Task details >>
Go through the listing below, and from the line containing "this 1620×1080 image." through its last line, transcribe every line exactly, skipping pictures.

══════════════════════════════

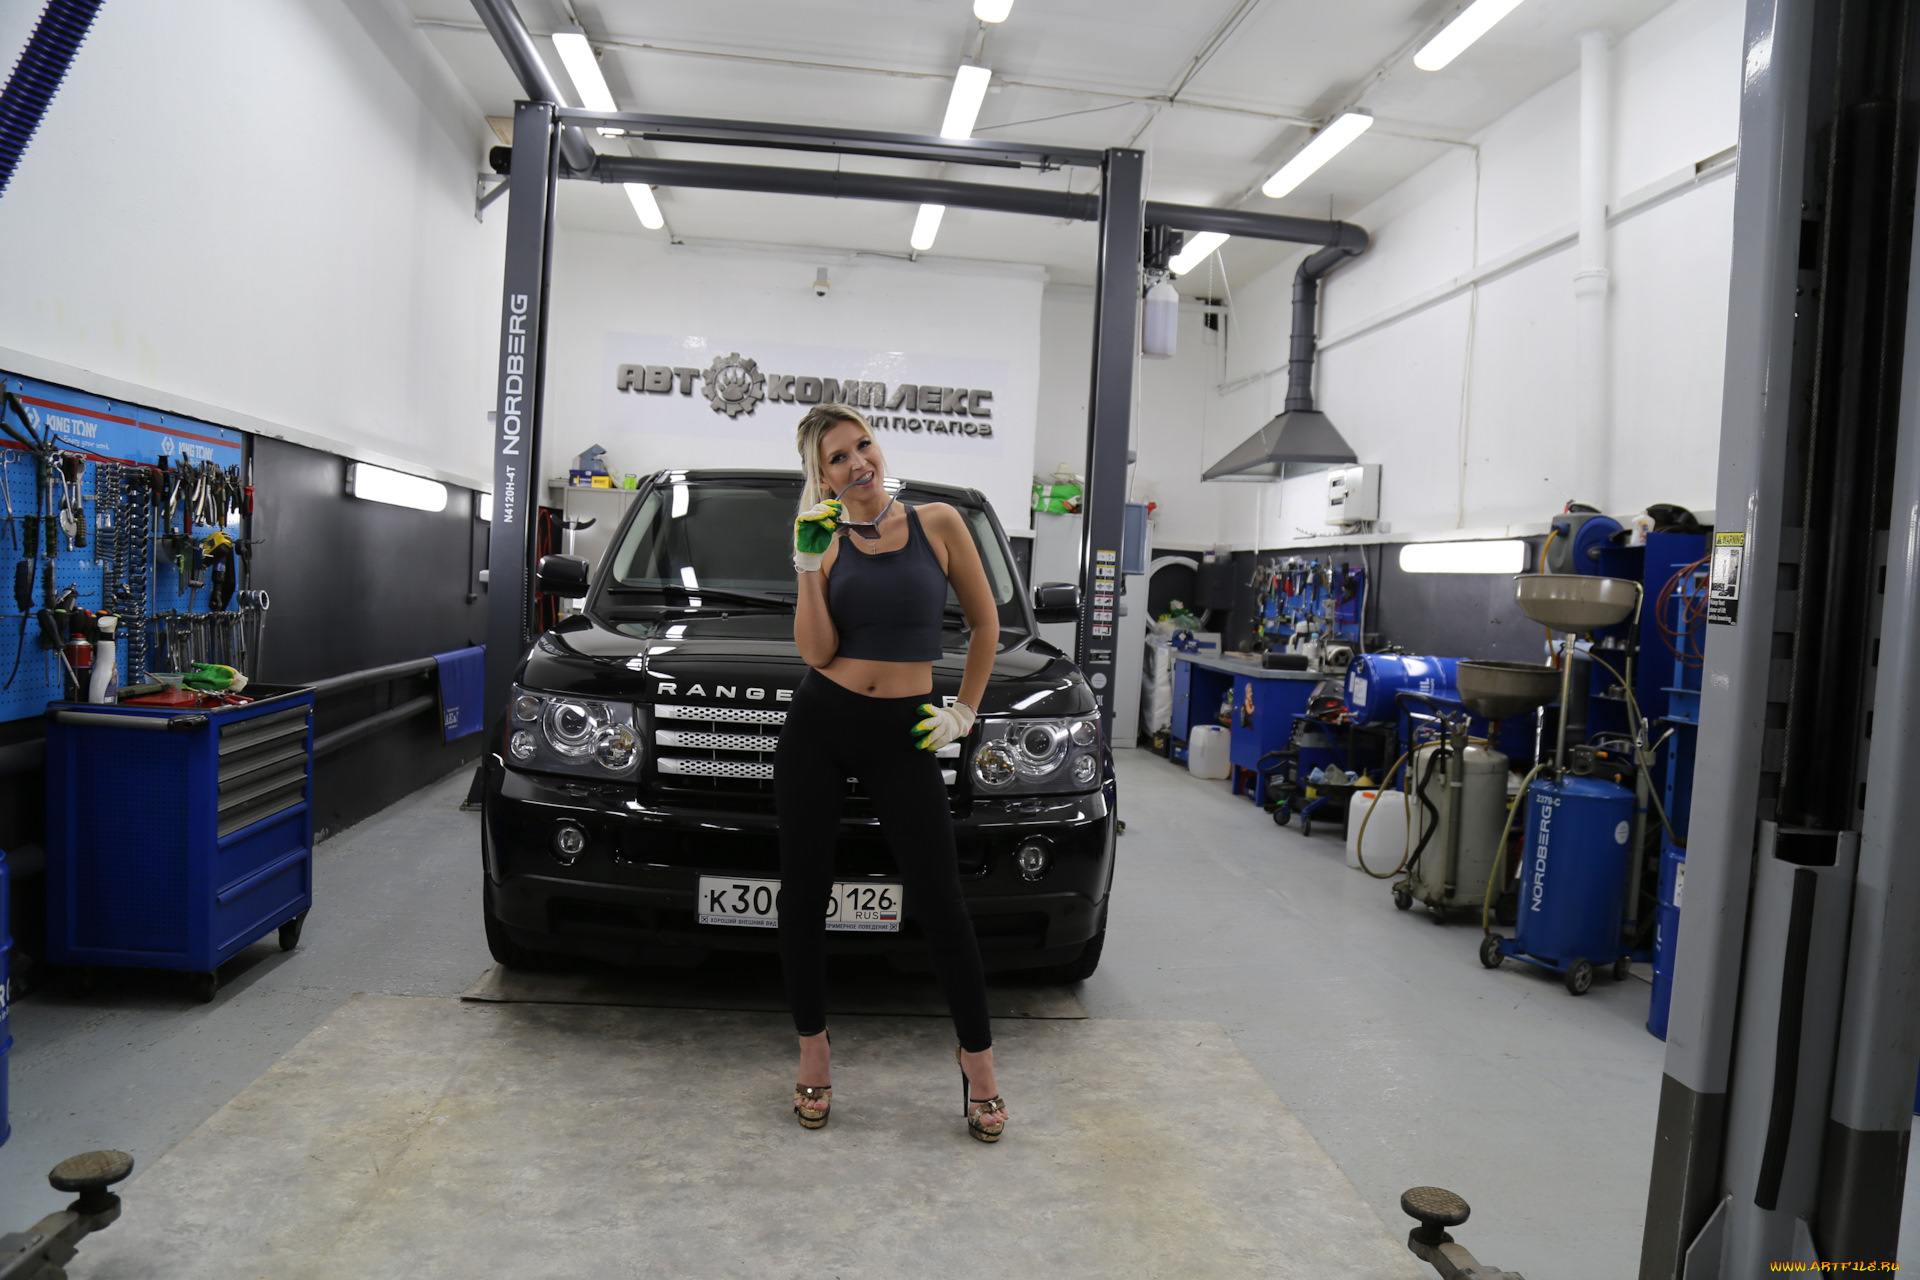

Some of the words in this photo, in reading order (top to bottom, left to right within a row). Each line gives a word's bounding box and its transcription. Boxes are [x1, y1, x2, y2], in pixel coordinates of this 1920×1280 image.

[503, 294, 528, 455] NORDBERG
[768, 373, 993, 418] КОМПЛЕКС
[46, 414, 71, 434] KING
[71, 419, 98, 439] TONY
[892, 416, 993, 438] ПОТАПОВ
[504, 465, 516, 523] N4120H-4T
[1723, 535, 1744, 545] WARNING
[657, 682, 794, 701] RANGE
[1536, 794, 1561, 807] 2379-C
[1531, 805, 1552, 912] NORDBERG
[846, 888, 893, 911] 126
[855, 911, 879, 920] RUS
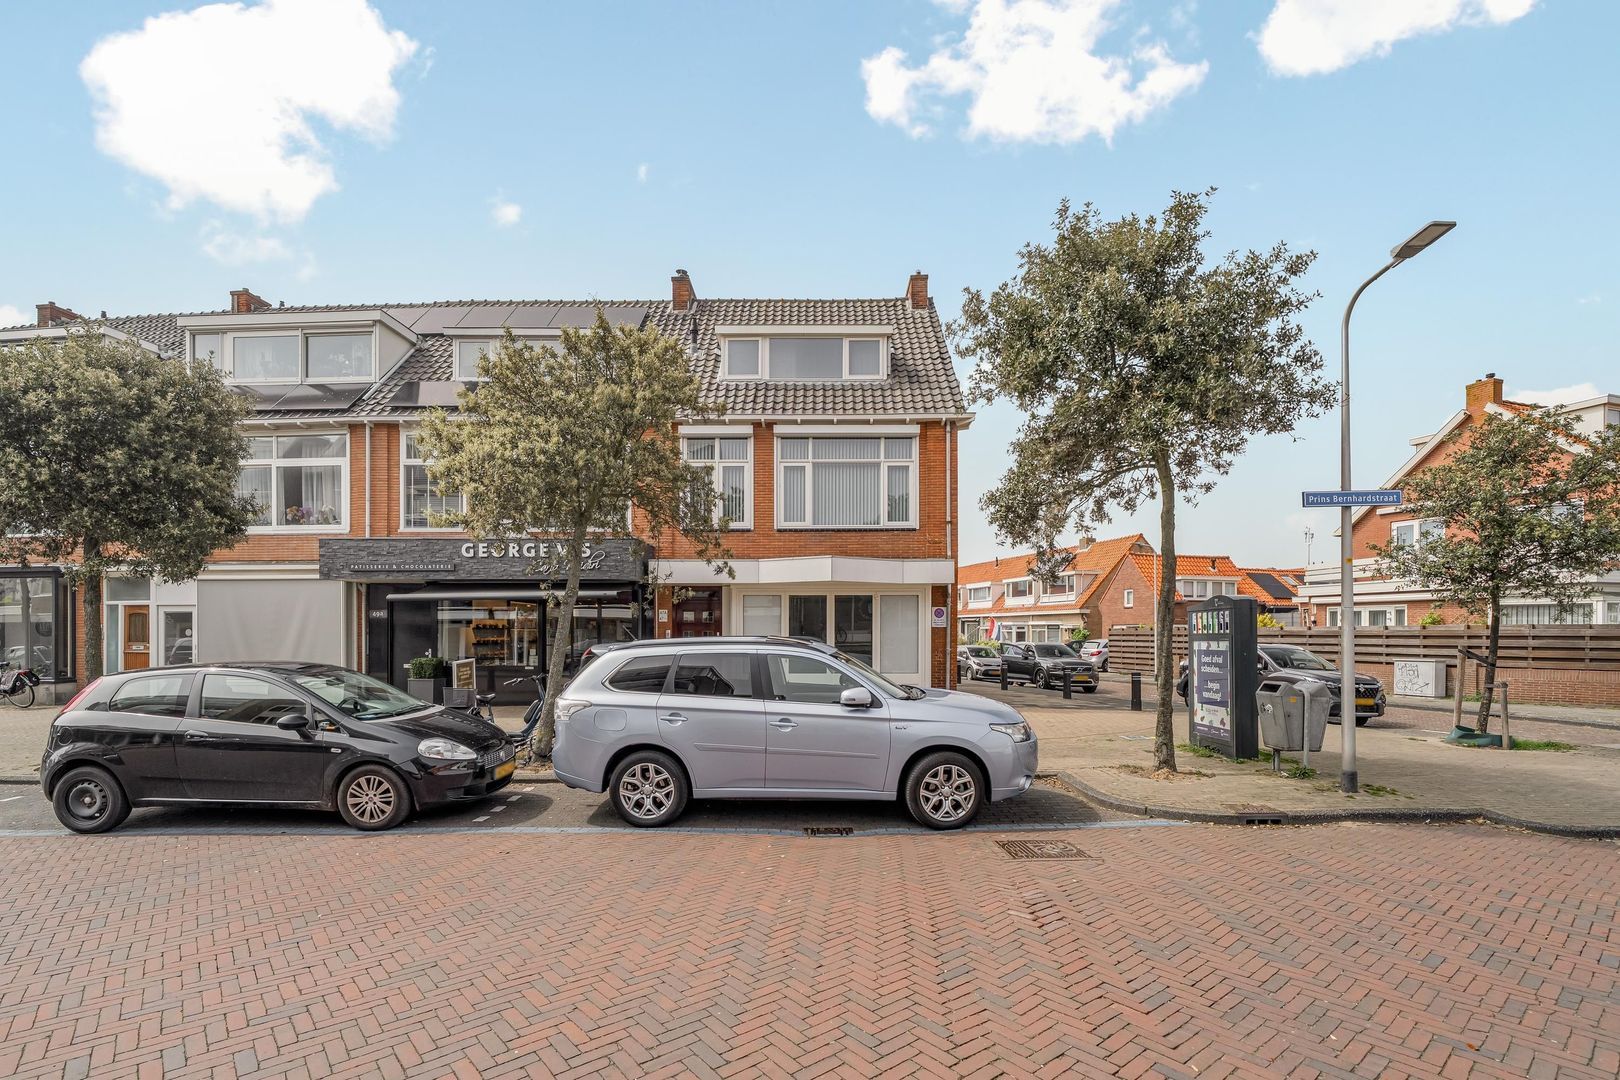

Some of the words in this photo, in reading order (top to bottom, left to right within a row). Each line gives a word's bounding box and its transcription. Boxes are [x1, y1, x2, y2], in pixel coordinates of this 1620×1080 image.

[1308, 495, 1330, 503] Prins
[1333, 494, 1397, 503] Bernhardstraat
[461, 542, 549, 558] GEORGE
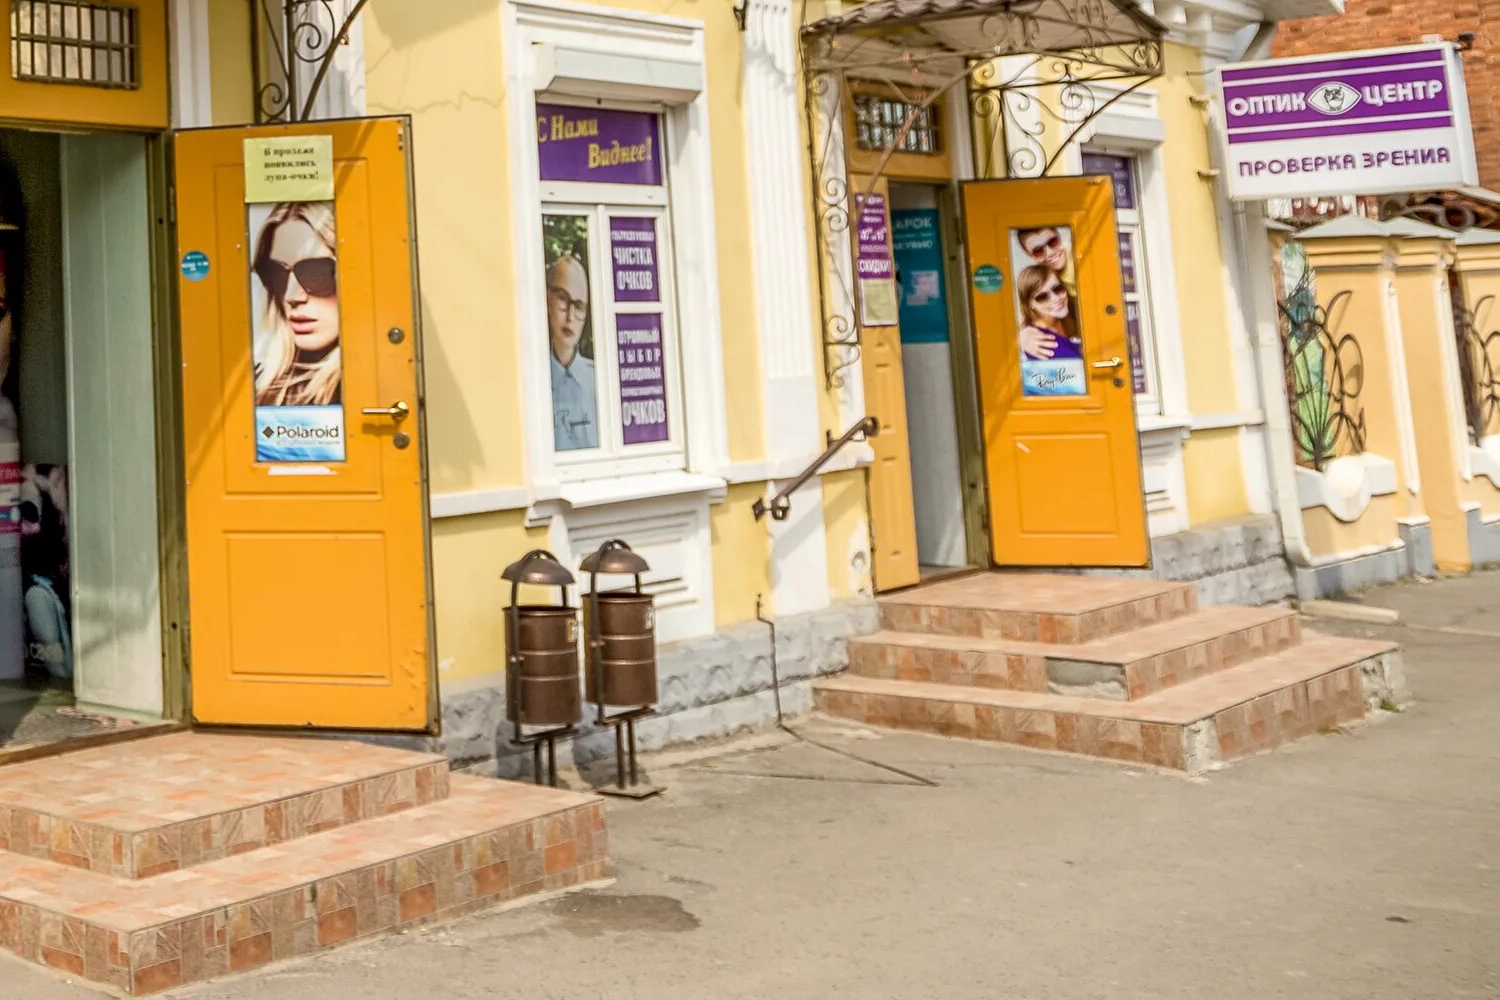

══════════════════════════════

Answer space >>
Some of the words in this photo, in reading order (top to bottom, left to right within a row). Each line gives a word's bounding box and its transcription. Boxes are [x1, y1, x2, y2], in pixel coordinates of this 1620×1080 image.

[1308, 495, 1330, 503] Prins
[1333, 494, 1397, 503] Bernhardstraat
[461, 542, 549, 558] GEORGE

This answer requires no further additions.